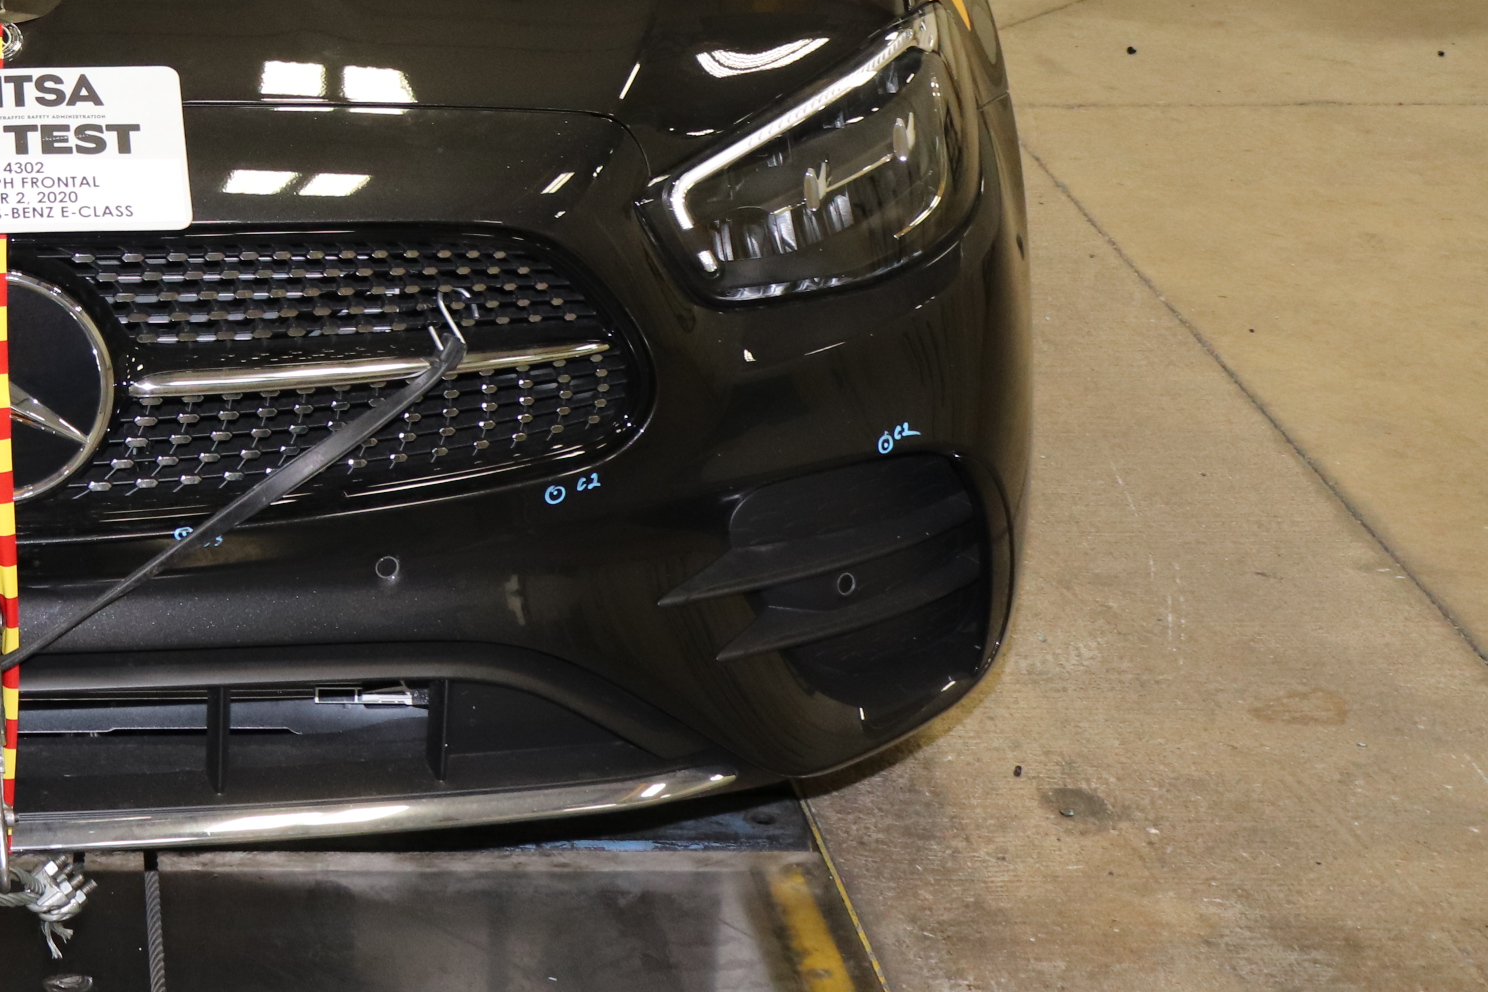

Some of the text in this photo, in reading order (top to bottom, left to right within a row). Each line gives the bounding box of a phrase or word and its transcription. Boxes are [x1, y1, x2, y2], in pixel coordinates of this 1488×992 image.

[2, 123, 141, 155] TEST
[21, 176, 100, 189] FRONTAL
[15, 192, 31, 207] 2,
[37, 191, 79, 204] 2020
[61, 205, 134, 219] E-CLASS
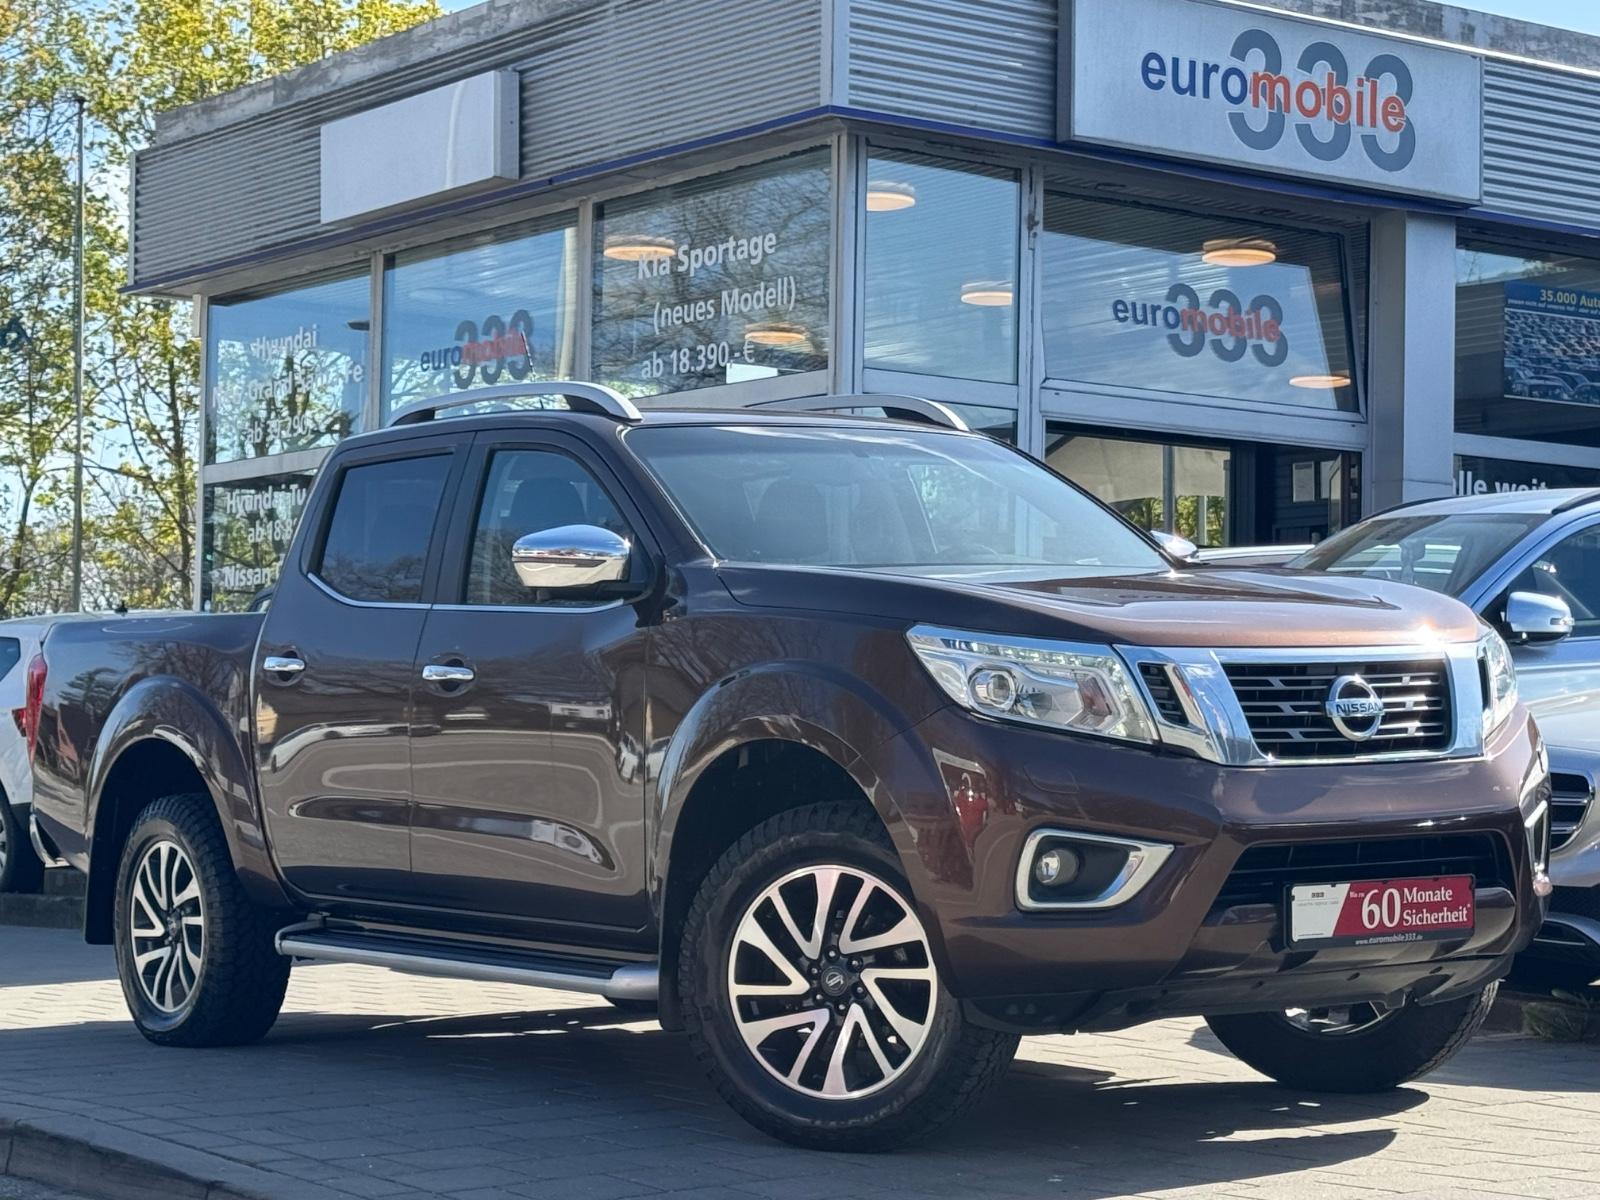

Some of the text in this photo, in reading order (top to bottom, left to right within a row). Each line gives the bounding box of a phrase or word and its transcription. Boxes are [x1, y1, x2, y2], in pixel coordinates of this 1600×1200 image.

[1141, 51, 1406, 133] euromobile
[1227, 28, 1416, 172] 333
[637, 232, 776, 279] Kia Sportage
[653, 275, 796, 335] (neues Modell)
[1540, 289, 1577, 304] 35.000
[1112, 298, 1281, 342] euromobile
[255, 323, 318, 362] Hyundai
[641, 351, 663, 379] ab
[248, 520, 264, 544] ab
[223, 564, 271, 589] Nissan
[1335, 702, 1381, 714] NISSAN
[1362, 886, 1453, 929] 60 Monate
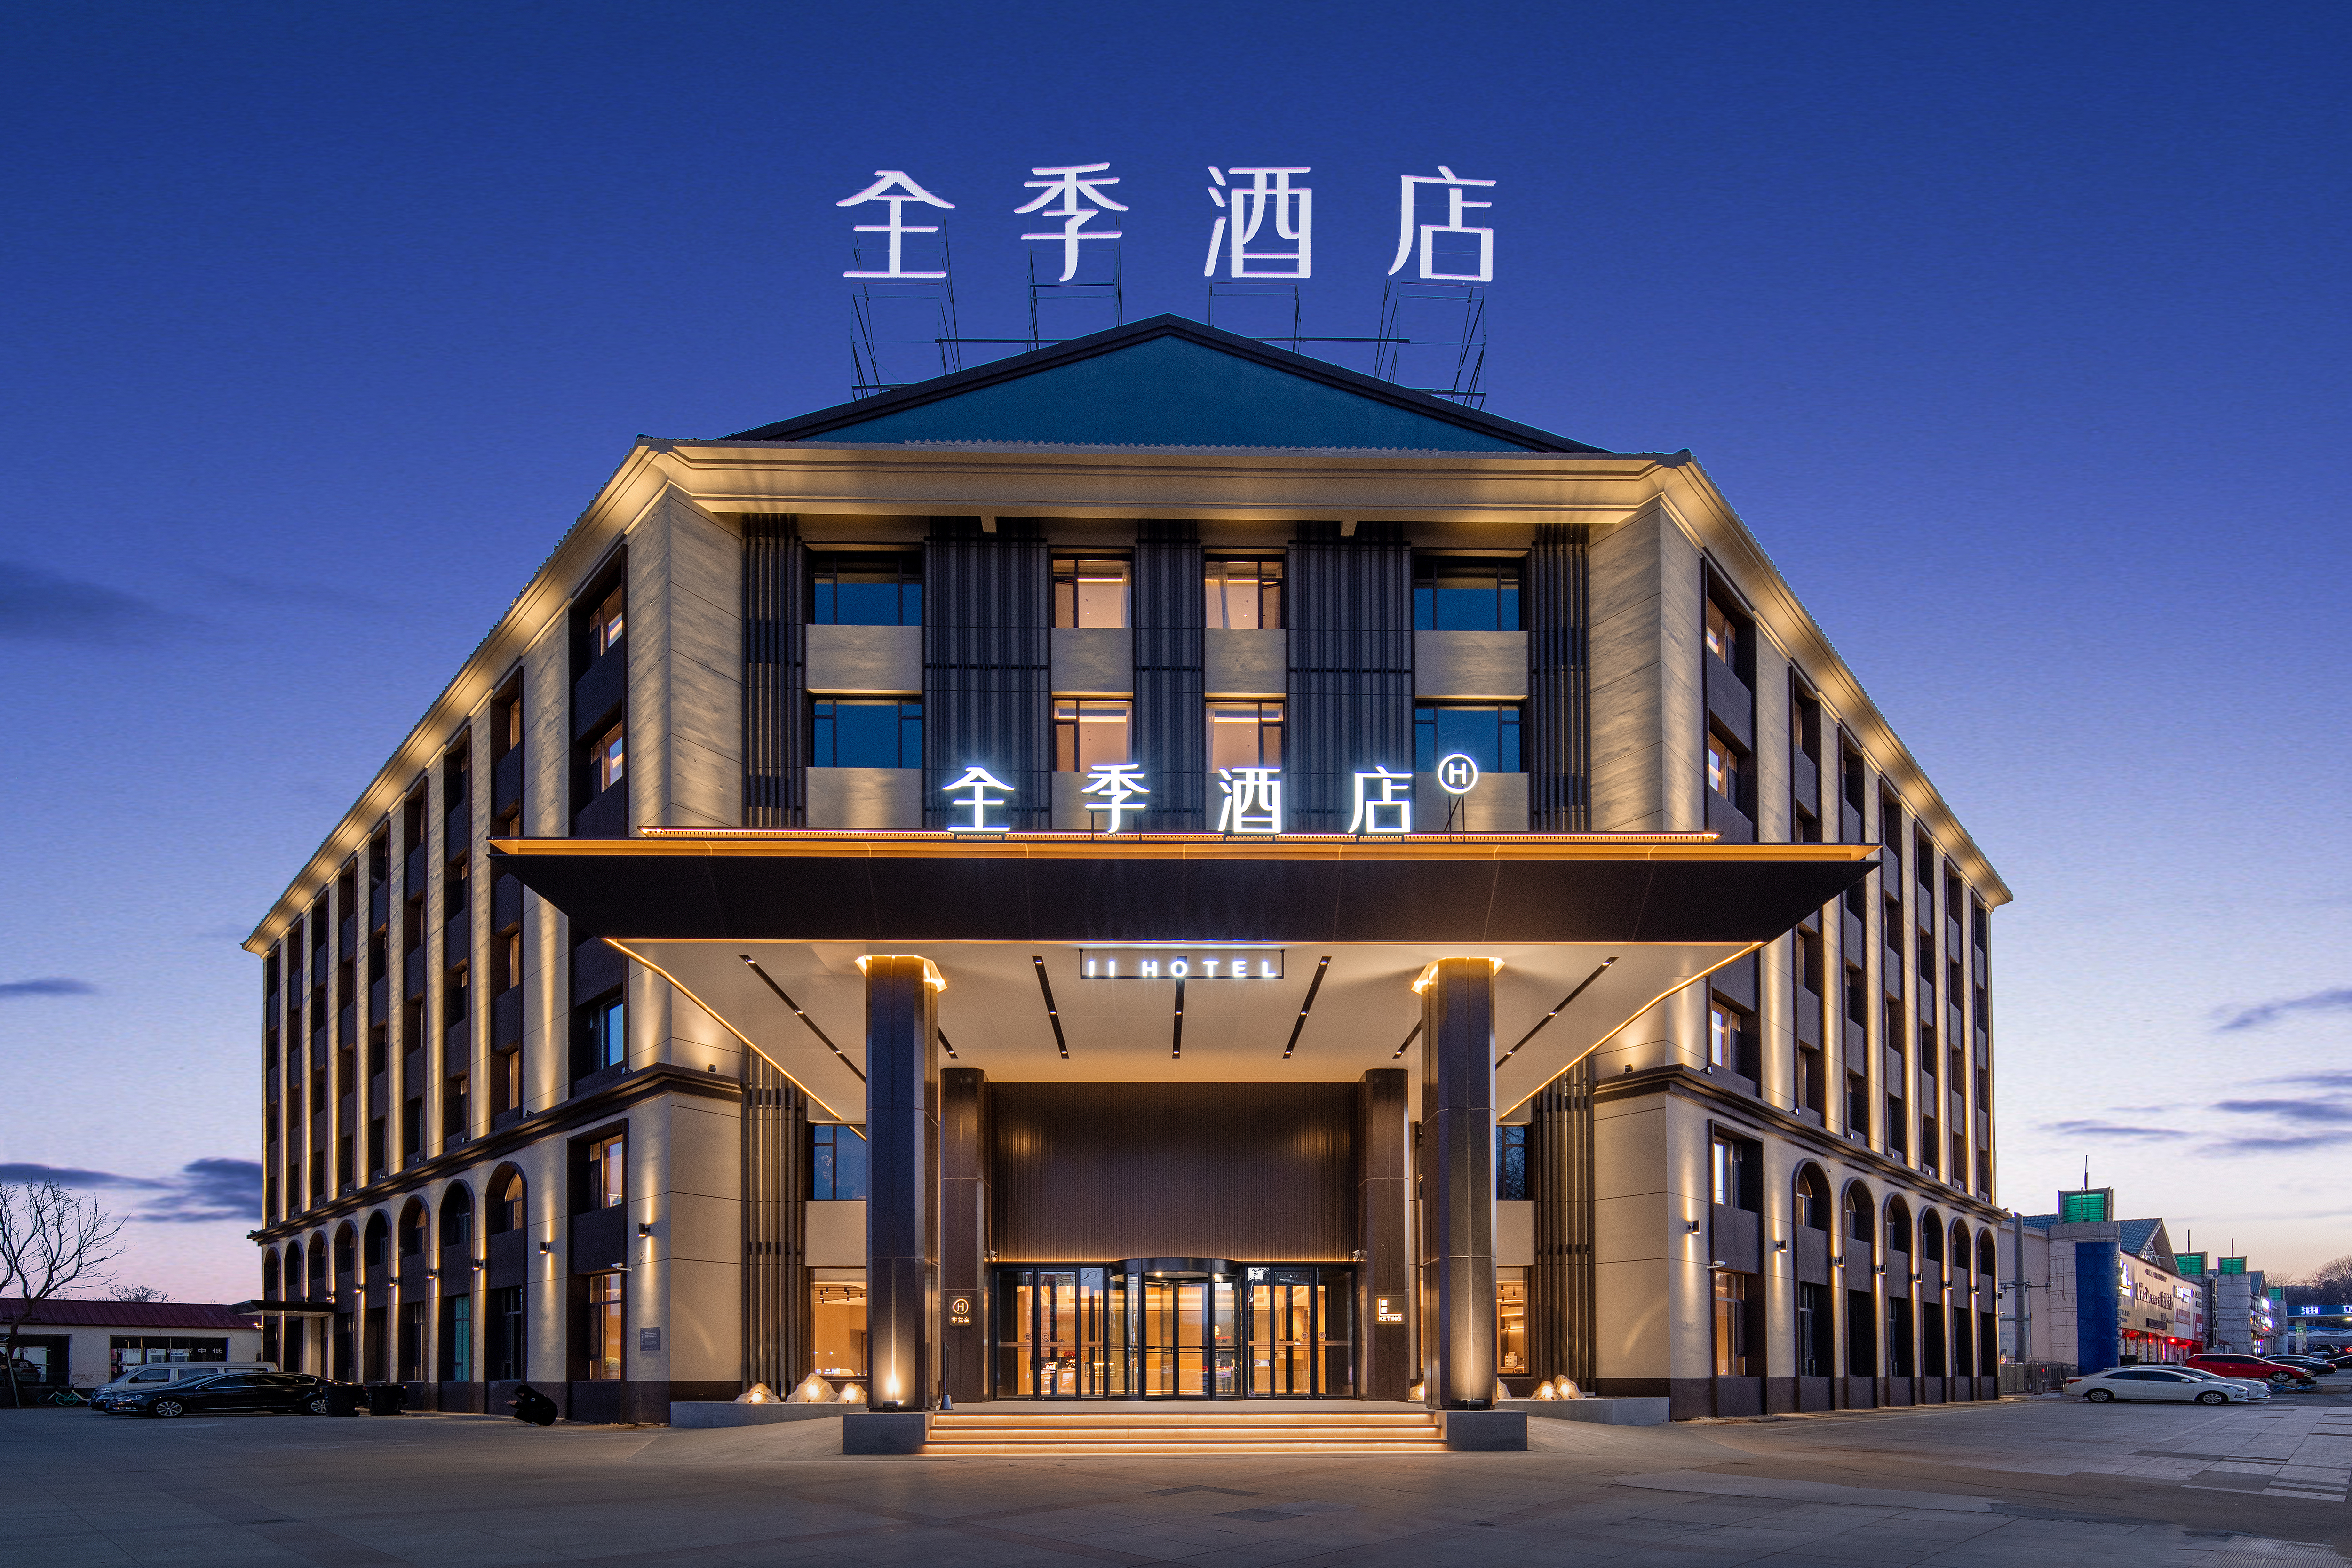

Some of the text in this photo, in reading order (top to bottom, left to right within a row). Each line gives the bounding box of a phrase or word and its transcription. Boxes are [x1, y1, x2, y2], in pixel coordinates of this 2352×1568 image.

[835, 162, 1498, 282] 全季酒店
[942, 764, 1413, 834] 全季酒店
[1142, 960, 1277, 977] HOTEL

**Task item**
Restate the entire listing word for word, excluding pictures.

**The answer**
Some of the text in this photo, in reading order (top to bottom, left to right within a row). Each line gives the bounding box of a phrase or word and its transcription. Boxes are [x1, y1, x2, y2], in pixel coordinates of this 1488×992 image.

[2, 123, 141, 155] TEST
[21, 176, 100, 189] FRONTAL
[15, 192, 31, 207] 2,
[37, 191, 79, 204] 2020
[61, 205, 134, 219] E-CLASS

Some of the text in this photo, in reading order (top to bottom, left to right within a row). Each line gives the bounding box of a phrase or word and its transcription. Boxes are [x1, y1, x2, y2], in pixel coordinates of this 1600×1200 image.

[1141, 51, 1406, 133] euromobile
[1227, 28, 1416, 172] 333
[637, 232, 776, 279] Kia Sportage
[653, 275, 796, 335] (neues Modell)
[1540, 289, 1577, 304] 35.000
[1112, 298, 1281, 342] euromobile
[255, 323, 318, 362] Hyundai
[641, 351, 663, 379] ab
[248, 520, 264, 544] ab
[223, 564, 271, 589] Nissan
[1335, 702, 1381, 714] NISSAN
[1362, 886, 1453, 929] 60 Monate

Some of the text in this photo, in reading order (top to bottom, left to right within a row). Each line gives the bounding box of a phrase or word and its transcription. Boxes are [x1, y1, x2, y2], in pixel coordinates of this 2352×1568 image.

[835, 162, 1498, 282] 全季酒店
[942, 764, 1413, 834] 全季酒店
[1142, 960, 1277, 977] HOTEL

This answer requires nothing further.